If you don’t believe me then look at the situation north of the border. There Michelle O’Neill is the de jure leader, but the de facto leader remain Adams. Indeed the early and untimely death of Martin McGuinness allowed Adams and his coterie of old Belfast comrades to increase and strengthen their grip on the organisation in the North. The Northern party, once the bedrock of the Shinners set up, now must play second fiddle to the needs of the organisation in the South.
Michelle O’Neill is no accidental puppet, she was picked specifically for the role as she knew and accepted the limits that would be placed on her. This is not acquiescence, it is the provo-real-politik. She knows who truly runs the show and she is fine with that.
Just as Mary Lou will be fine with a similar situation on this side of the border. Mary Lou does not flatter herself to think that she will actually be anything more than a titular leader who will deal with the minor day-to-day tribulations while Gerry and the lads handle the big stuff, she just hopes we will not realise this – a point I will come back to, shortly.
But moving backstage does not mean that nothing at all will change. With Adams departure the provos lose their biggest celebrity whose draw and pulling power when it comes to media attention and fund raising, should not be underestimated.
While Adams will still exercise leadership over the big policy questions and directions from behind the curtain, the provos will soon feel the loss of his authority and presence when it comes to exercising day-to-day discipline and control.
Answering Mary Lou back will not be as scary and foolhardy a notion as answered Adams would have been. Unlike Adams, Mary Lou cannot invoke the whiff of cordite to engender respect and dominion. The closest Mary Lou has come to cordite is the bang bang chicken in Wongs of Castleknock
She may wish that she had to judge from her eagerness to preside at provo gatherings, but she didn’t. Back in those more troubled and difficult days she eschewed the provo chic and was more content in Fianna Fáil in Dublin West. Indeed this, and her wish that she had taken a more central and prominent role in the past which may prove her greatest undoing.
Remember that apparent Dail dust-up between Mary Lou and the Taoiseach back in September? Most political correspondents saw the row as being provoking by comments made by Leo Varadkar. But they missed the real cause. While Mary Lou’s exit from the Dail chamber may have immediately followed Varadkar’s remarks, they did not cause it.
Fans of the West Wing will recall an early episode entitled Post Hoc, Ergo Propter Hoc loosely translated as: after therefore because of. In the episode Bartlet points out that this is rarely the case in politics that because one action follows another that it was caused by it.
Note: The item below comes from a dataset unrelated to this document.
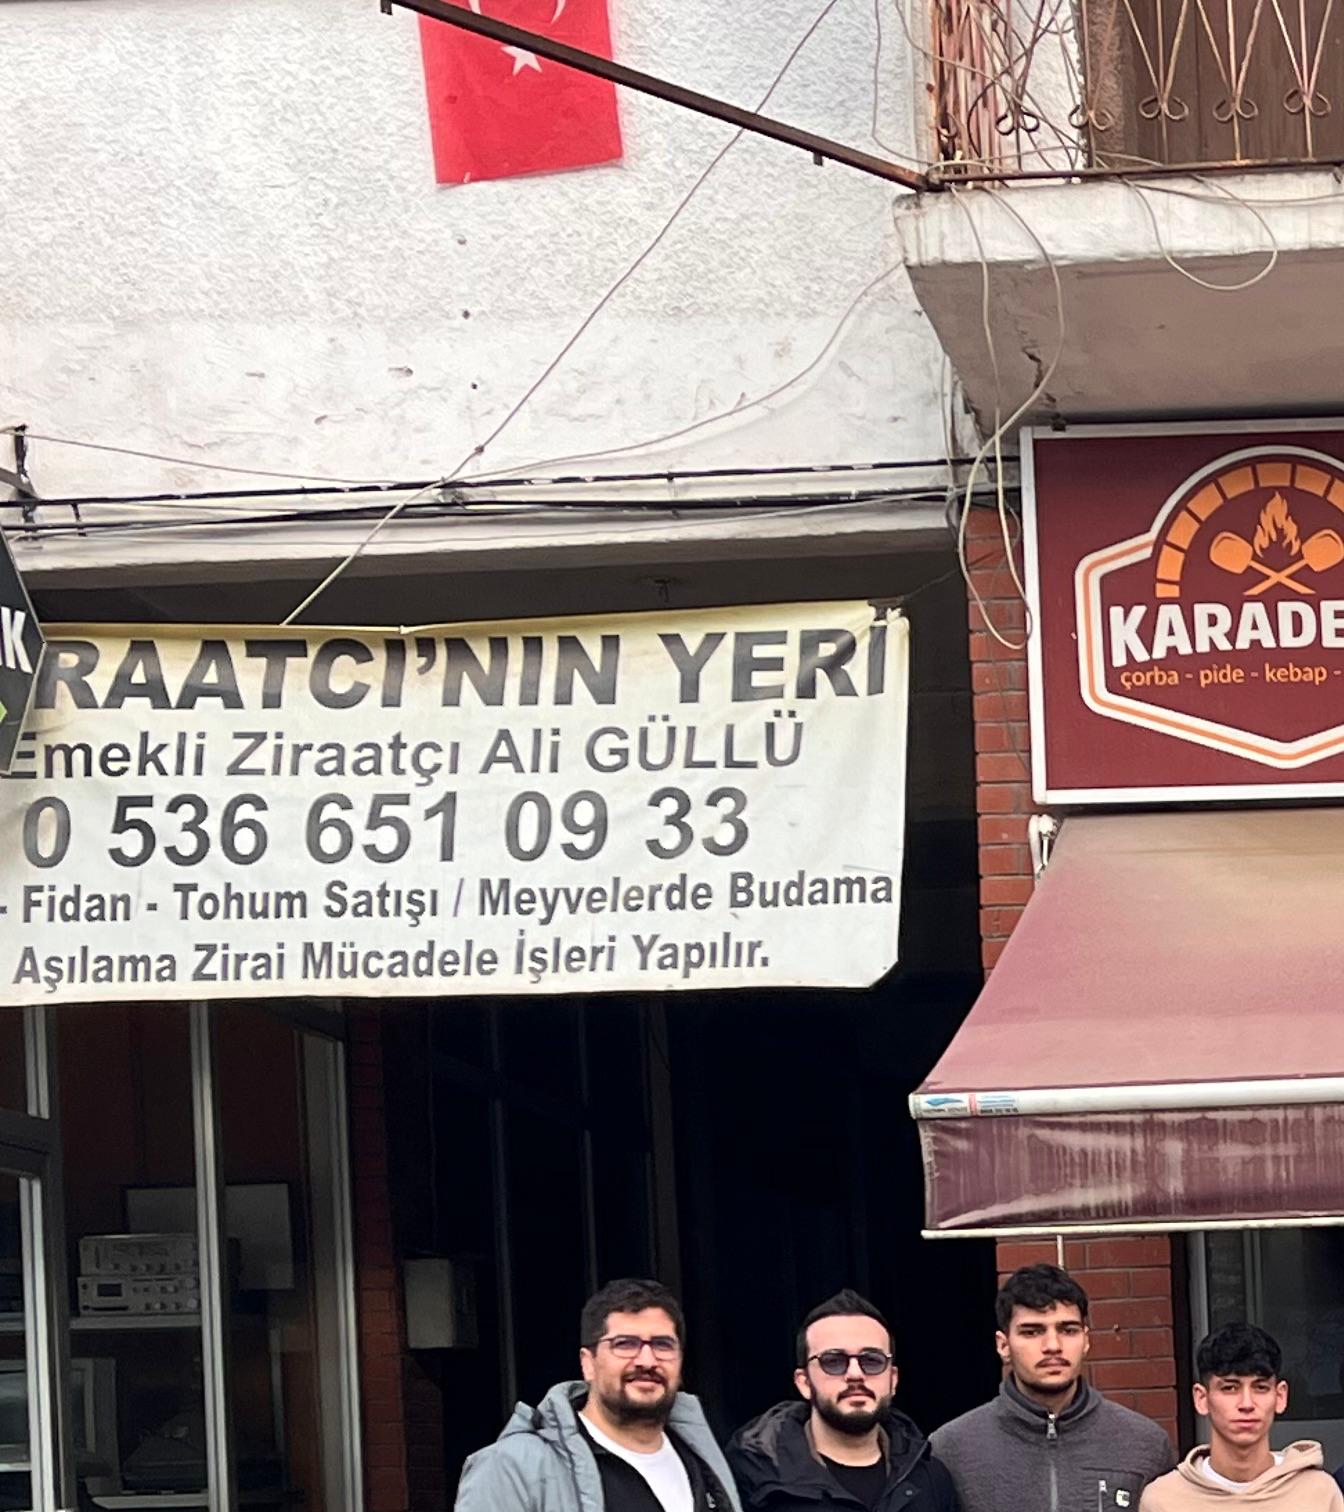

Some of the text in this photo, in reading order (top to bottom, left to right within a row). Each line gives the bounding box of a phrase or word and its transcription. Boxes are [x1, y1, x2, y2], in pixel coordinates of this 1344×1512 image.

So it is with the Mary Lou dramatic exit. The comments that really got under Mary Lou’s skin came from Micheál Martin in an exchange a few minutes before.
The Toaiseach was answering questions on British-Irish relations in both the context of Brexit and the absence of an Executive in Northern Ireland. Martin referred to his own experience of negotiating with the British when Mary Lou chimed in, the following exchange comes from that day’s Dáil transcript:
Mary Lou McDonald: “Deputy Martin’s words demonstrate remarkable ignorance.”
Micheál Martin: “I have been there. I have been in negotiations with all parties.”
McDonald: “I have been there with the Deputy.”
Martin: “Deputy McDonald was not. She was never in negotiations.”
McDonald: “I have, and I have seen Deputy Martin at close quarters.”
Martin: “When I was Minister for Foreign Affairs, Deputy McDonald, was nowhere. What tended to happen was that certain people came out for the photo calls. The Deputy was never at negotiations with me or Shaun Woodward. Commitments that were given then were not dealt with or seen through.”
My point is that it was not the Taoiseach’s name calling and needling that got under McDonald’s skin, she is far too wilely and experienced to allow something that innocuous to irk her.
No, it was Martin disclosing her non-role in the talks and reminding her, publicly, that she has not been the central player she would have others, even within Sinn Féin, imagine her to be.
It is her Achilles heel then and will become a greater vulnerability as leader.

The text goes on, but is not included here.